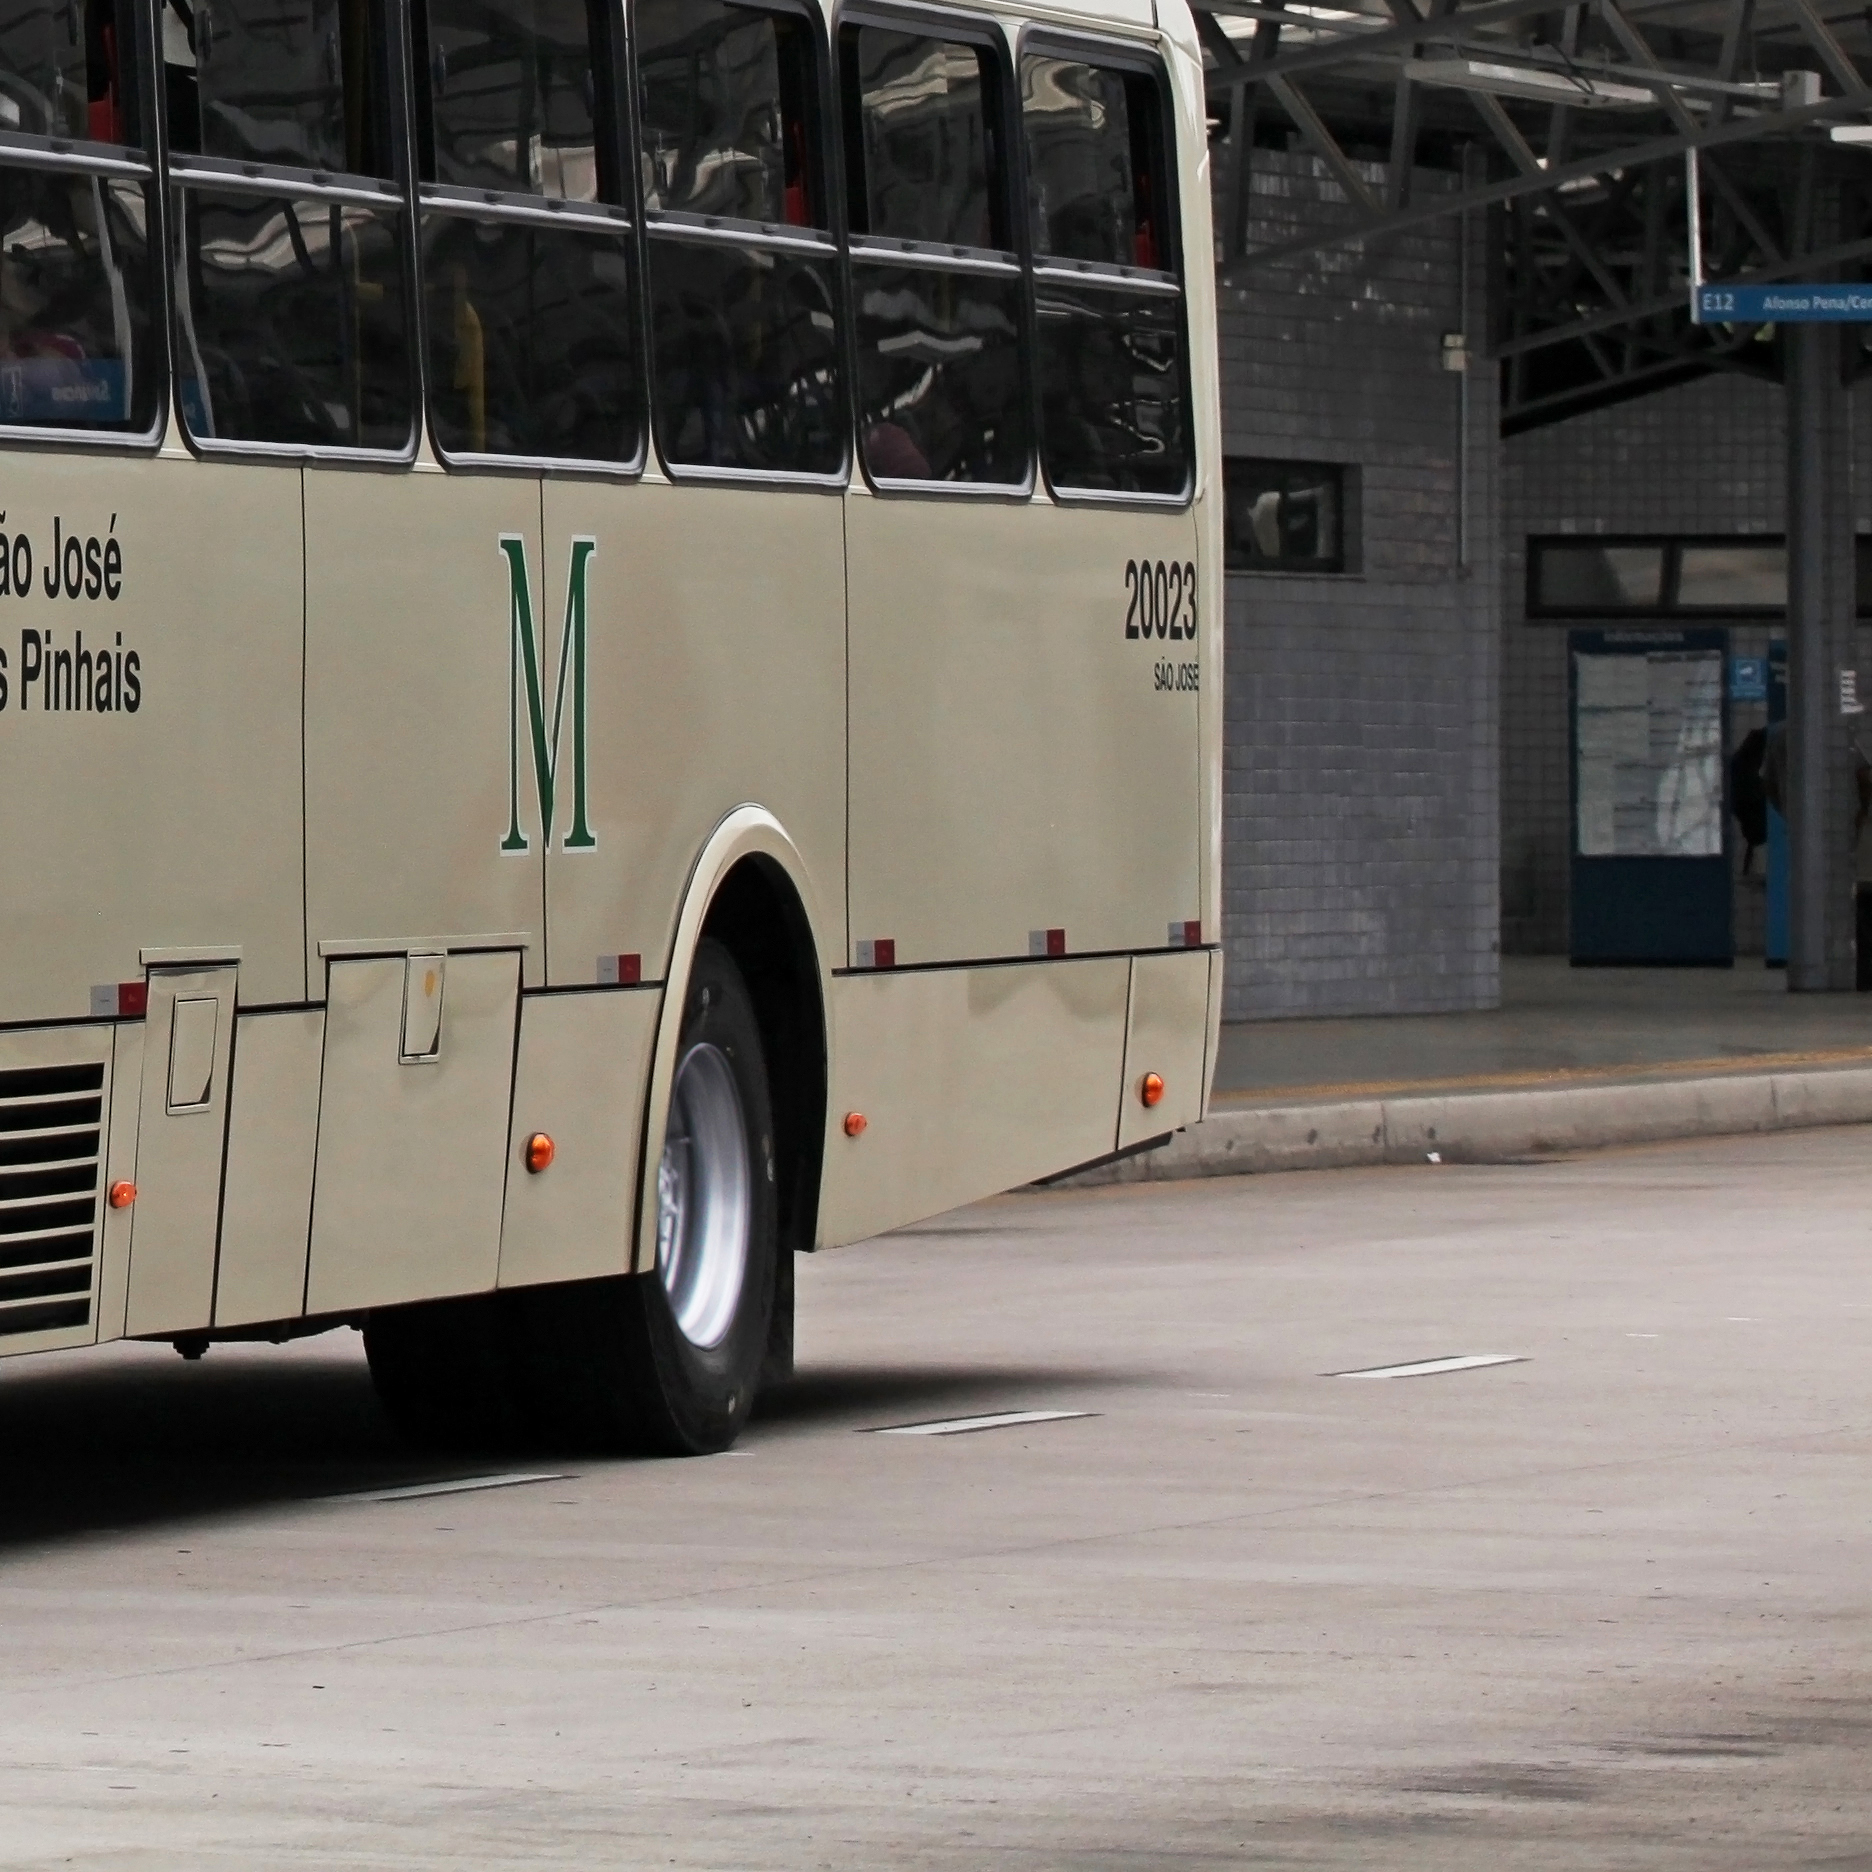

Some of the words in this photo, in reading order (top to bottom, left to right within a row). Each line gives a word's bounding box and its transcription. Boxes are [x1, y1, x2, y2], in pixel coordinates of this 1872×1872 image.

[1702, 293, 1735, 311] E12
[1762, 295, 1810, 311] Afonso
[43, 512, 122, 601] José
[1124, 558, 1197, 640] 20023
[20, 628, 141, 714] Pinhais

Task brief ▸
What comes back should match the records exactly, minus any pictures.

Exercise solution ▸
Some of the words in this photo, in reading order (top to bottom, left to right within a row). Each line gives a word's bounding box and its transcription. Boxes are [x1, y1, x2, y2], in pixel coordinates of this 1872×1872 image.

[1702, 293, 1735, 311] E12
[1762, 295, 1810, 311] Afonso
[43, 512, 122, 601] José
[1124, 558, 1197, 640] 20023
[20, 628, 141, 714] Pinhais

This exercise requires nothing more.